Pictures must be left out. Retype exactly the lines from the one containing "this 1080×1440 image." through the last line of the records below.

BEGIN INFORMATION

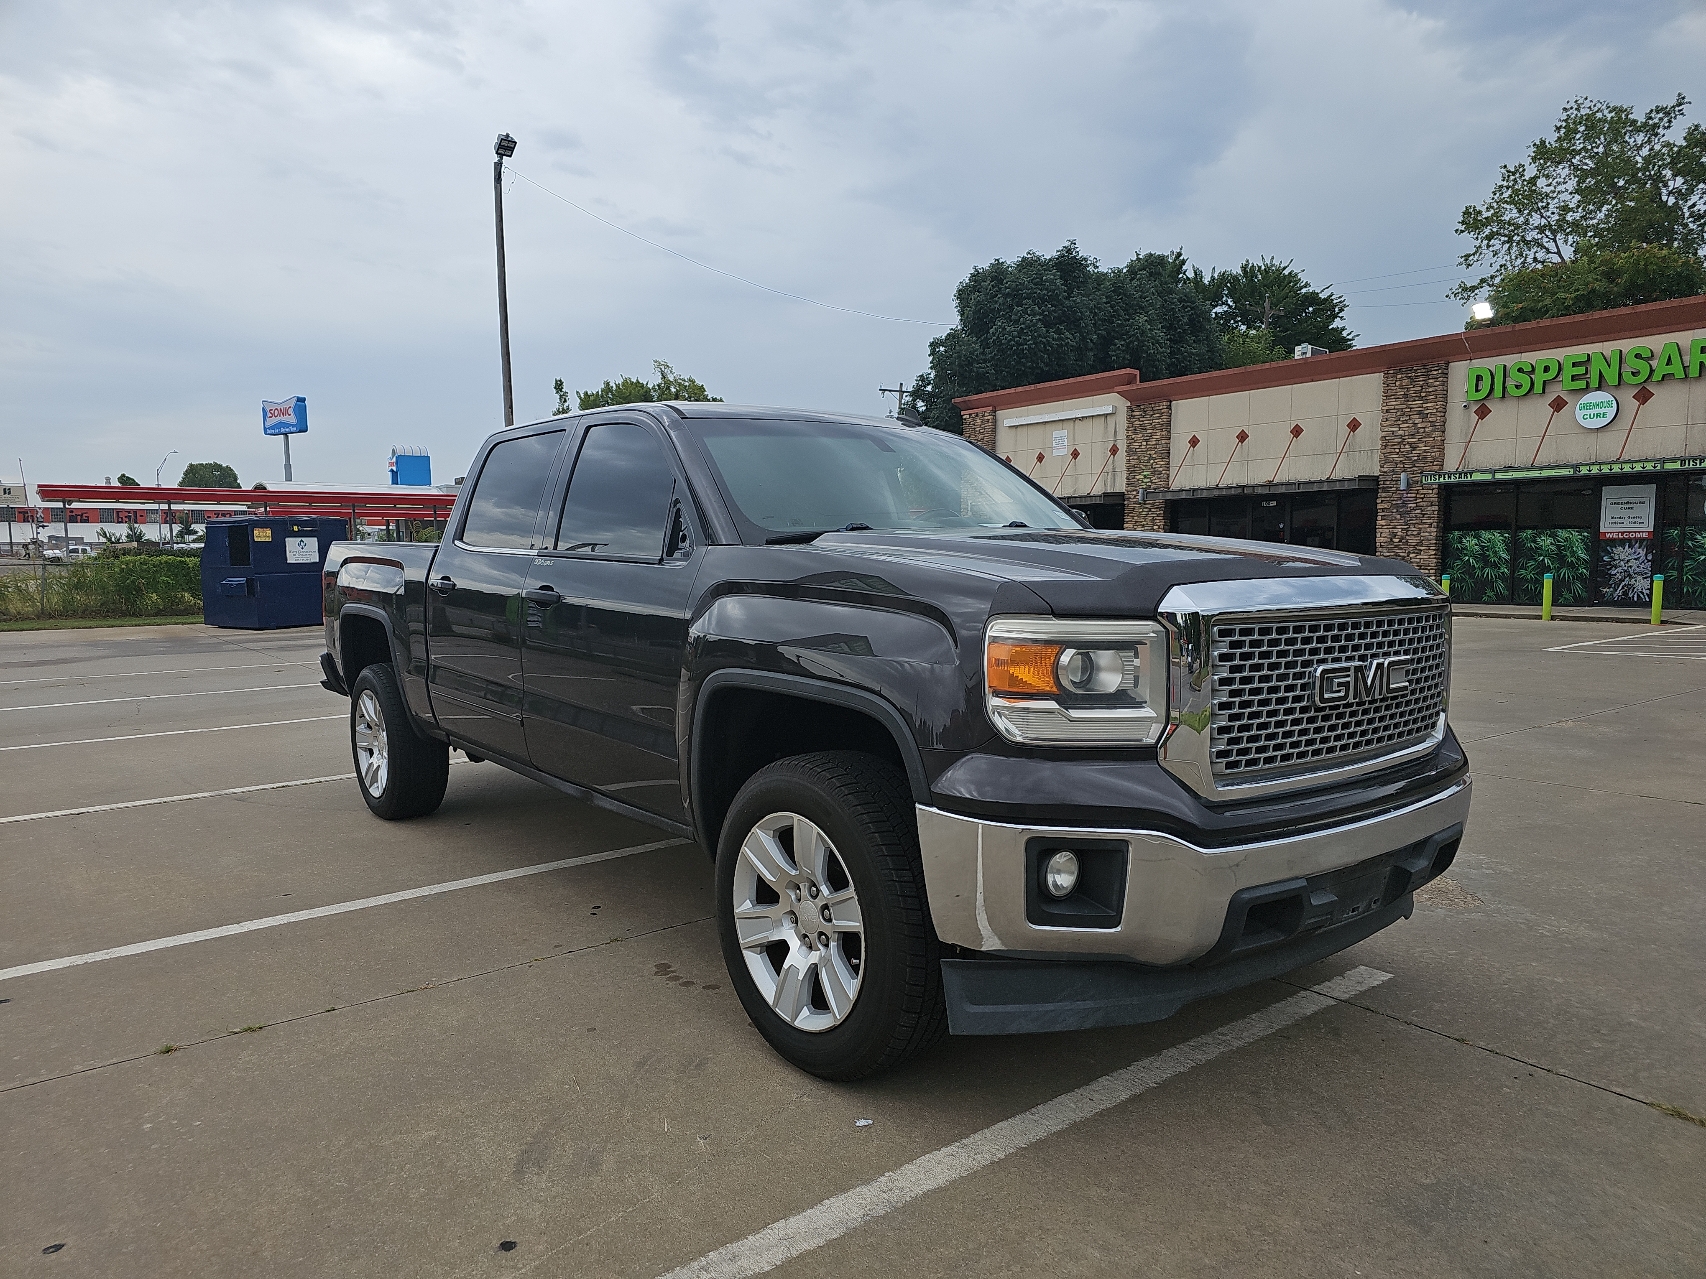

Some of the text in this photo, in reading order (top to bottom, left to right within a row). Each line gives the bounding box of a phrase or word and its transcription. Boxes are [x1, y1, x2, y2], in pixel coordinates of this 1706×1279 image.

[1578, 399, 1614, 411] GREENHOUSE
[268, 406, 292, 418] SONIC
[1582, 411, 1608, 420] CURE
[1424, 472, 1473, 482] DISPENSARY
[1312, 655, 1411, 708] GMC
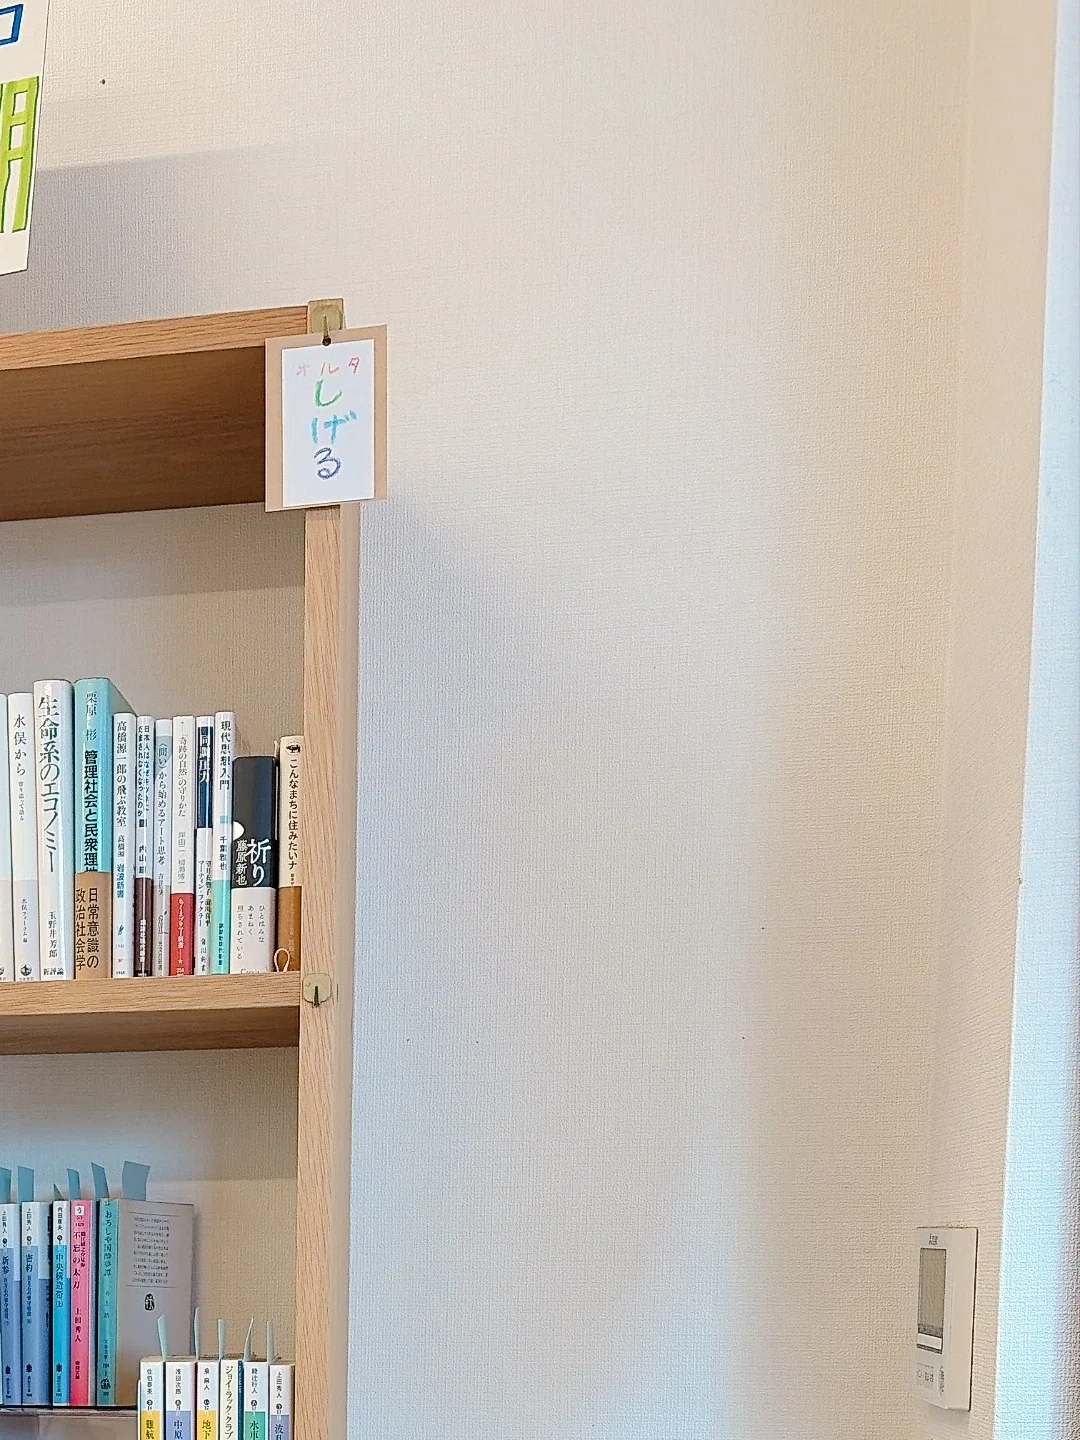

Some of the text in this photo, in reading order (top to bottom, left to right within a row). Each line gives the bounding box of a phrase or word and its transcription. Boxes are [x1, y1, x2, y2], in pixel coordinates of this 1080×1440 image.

[310, 379, 357, 480] しげる
[13, 714, 28, 777] 水俣から
[117, 721, 127, 827] 高橋源一郎の飛ぶ教室
[178, 735, 188, 817] 「奇跡の自然」の守りかた
[220, 720, 231, 791] 現代思想入門
[38, 695, 60, 873] 生命系のエコノミー
[157, 742, 168, 866] 〈問い〉から始めるアート思考
[287, 759, 299, 870] こんなまちに住みたいナ
[117, 864, 125, 898] 岩波新書
[219, 836, 228, 871] 千葉雅也
[236, 840, 248, 886] 藤原新也
[246, 838, 271, 887] 祈り
[48, 911, 58, 958] 玉野井芳郎
[75, 888, 87, 970] 政治社会学
[87, 888, 99, 968] 日常意識の
[43, 967, 64, 976] 新評論
[72, 1231, 81, 1290] 不忘の太刀
[104, 1210, 113, 1277] おろしや国酔夢譚
[145, 1419, 154, 1440] 難航
[225, 1365, 234, 1440] ジョイ・ラック・クラブ
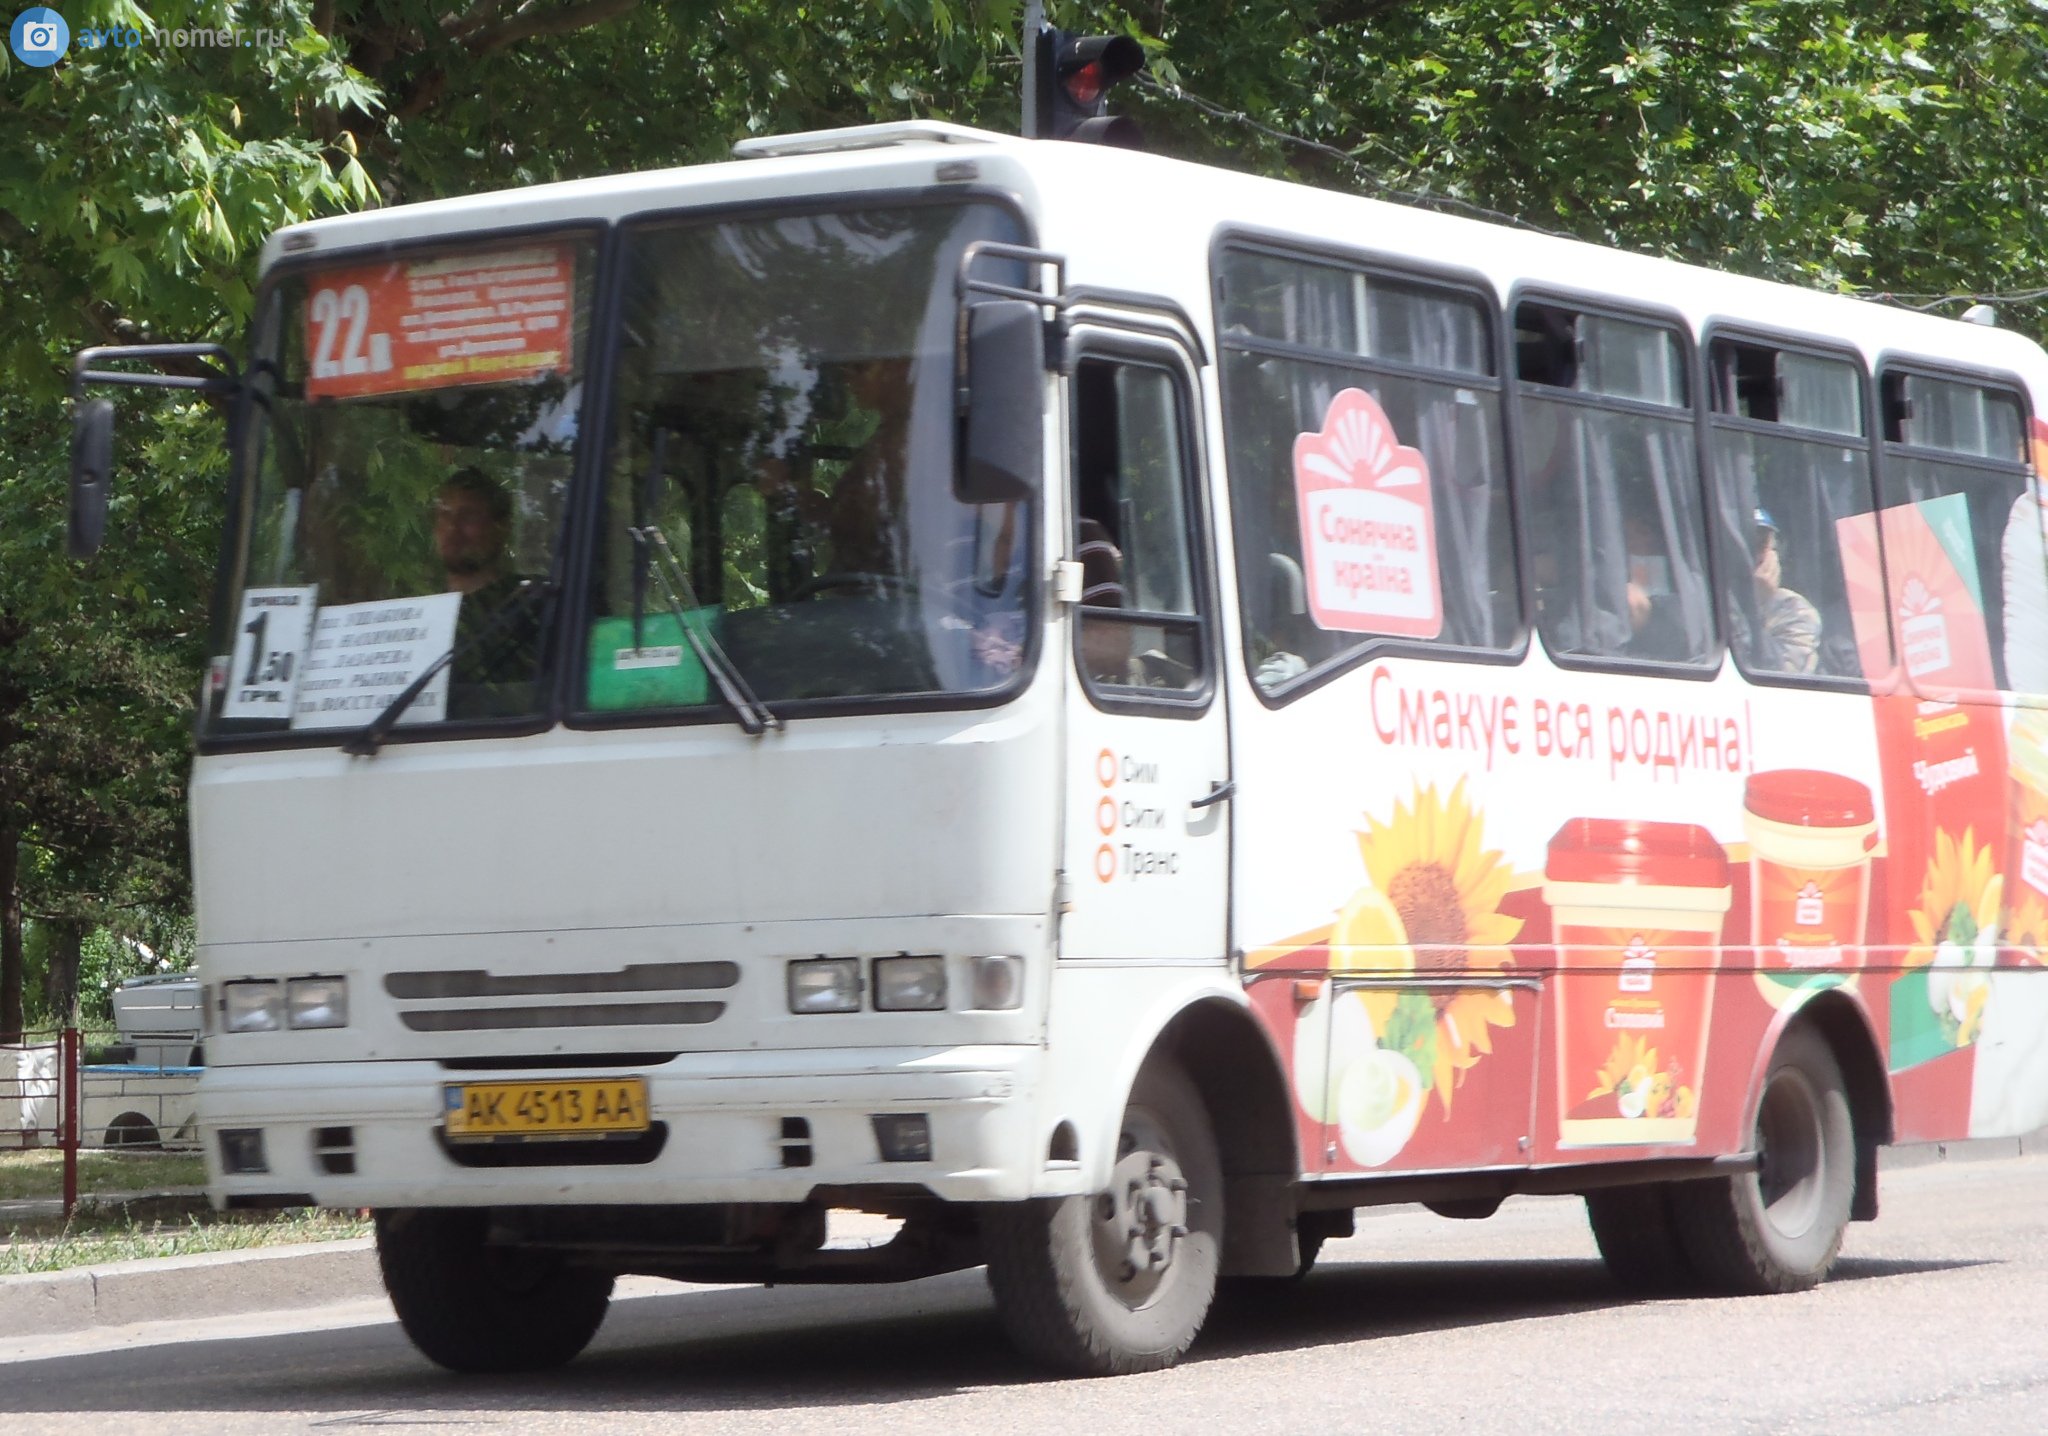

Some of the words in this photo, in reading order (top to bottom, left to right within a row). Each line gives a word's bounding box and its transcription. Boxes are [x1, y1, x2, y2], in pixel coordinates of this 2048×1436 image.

[1318, 503, 1418, 553] Сонячна
[1369, 665, 1521, 772] Смакує
[1534, 698, 1594, 760] вся
[1607, 698, 1756, 784] родина!
[1120, 843, 1180, 882] Транс
[514, 1089, 583, 1124] 4513

END INFORMATION

### [SOLUTION TO THE EXERCISE]
Some of the text in this photo, in reading order (top to bottom, left to right within a row). Each line gives the bounding box of a phrase or word and its transcription. Boxes are [x1, y1, x2, y2], in pixel coordinates of this 1080×1440 image.

[310, 379, 357, 480] しげる
[13, 714, 28, 777] 水俣から
[117, 721, 127, 827] 高橋源一郎の飛ぶ教室
[178, 735, 188, 817] 「奇跡の自然」の守りかた
[220, 720, 231, 791] 現代思想入門
[38, 695, 60, 873] 生命系のエコノミー
[157, 742, 168, 866] 〈問い〉から始めるアート思考
[287, 759, 299, 870] こんなまちに住みたいナ
[117, 864, 125, 898] 岩波新書
[219, 836, 228, 871] 千葉雅也
[236, 840, 248, 886] 藤原新也
[246, 838, 271, 887] 祈り
[48, 911, 58, 958] 玉野井芳郎
[75, 888, 87, 970] 政治社会学
[87, 888, 99, 968] 日常意識の
[43, 967, 64, 976] 新評論
[72, 1231, 81, 1290] 不忘の太刀
[104, 1210, 113, 1277] おろしや国酔夢譚
[145, 1419, 154, 1440] 難航
[225, 1365, 234, 1440] ジョイ・ラック・クラブ

Some of the words in this photo, in reading order (top to bottom, left to right within a row). Each line gives a word's bounding box and its transcription. Boxes are [x1, y1, x2, y2], in pixel coordinates of this 2048×1436 image.

[1318, 503, 1418, 553] Сонячна
[1369, 665, 1521, 772] Смакує
[1534, 698, 1594, 760] вся
[1607, 698, 1756, 784] родина!
[1120, 843, 1180, 882] Транс
[514, 1089, 583, 1124] 4513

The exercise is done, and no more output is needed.